YOUR OBJECTIVE :: Each entry that follows is to be retyped exactly. Pictures do not belong in the copy.

-- RECORDS SHOWN follows --

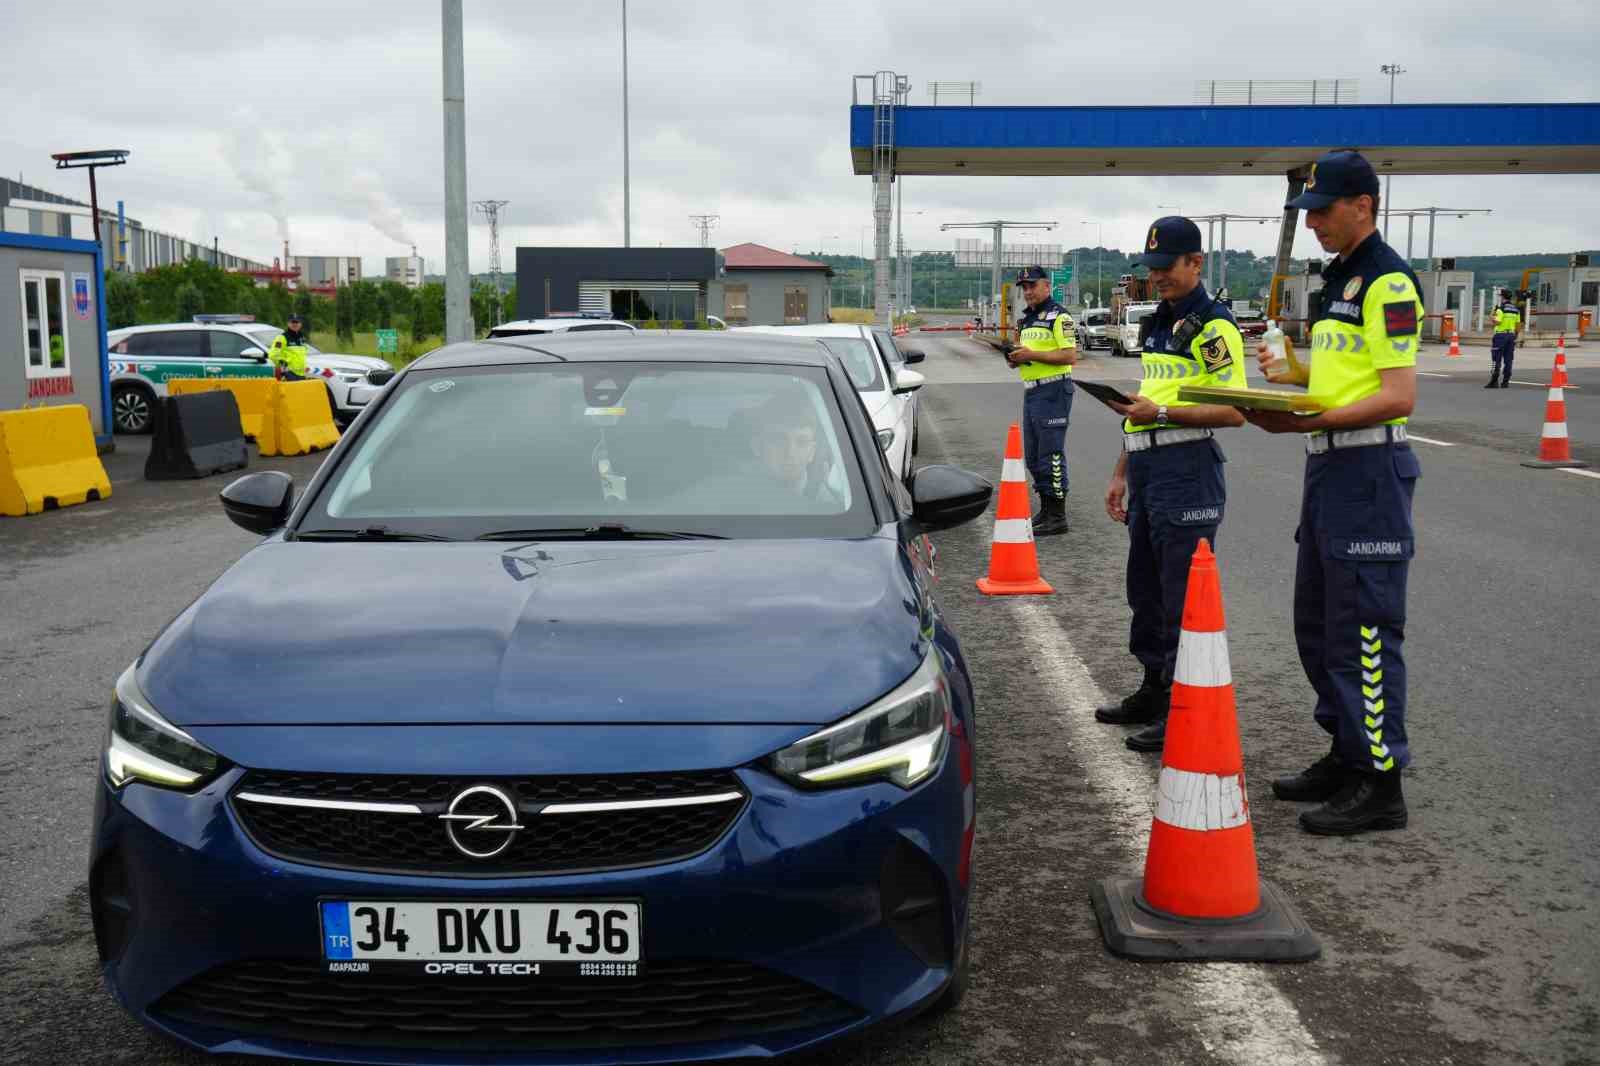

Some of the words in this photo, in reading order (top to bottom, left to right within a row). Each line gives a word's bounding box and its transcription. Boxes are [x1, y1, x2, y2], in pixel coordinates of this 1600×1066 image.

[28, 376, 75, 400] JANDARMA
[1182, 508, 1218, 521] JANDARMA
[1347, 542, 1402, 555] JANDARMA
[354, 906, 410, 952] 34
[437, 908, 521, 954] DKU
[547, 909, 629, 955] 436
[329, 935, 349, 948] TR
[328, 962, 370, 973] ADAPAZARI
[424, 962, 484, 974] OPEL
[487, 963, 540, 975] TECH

-- RECORDS SHOWN concluded --

THE ANSWER ::
Some of the words in this photo, in reading order (top to bottom, left to right within a row). Each line gives a word's bounding box and its transcription. Boxes are [x1, y1, x2, y2], in pixel coordinates of this 1600×1066 image.

[28, 376, 75, 400] JANDARMA
[1182, 508, 1218, 521] JANDARMA
[1347, 542, 1402, 555] JANDARMA
[354, 906, 410, 952] 34
[437, 908, 521, 954] DKU
[547, 909, 629, 955] 436
[329, 935, 349, 948] TR
[328, 962, 370, 973] ADAPAZARI
[424, 962, 484, 974] OPEL
[487, 963, 540, 975] TECH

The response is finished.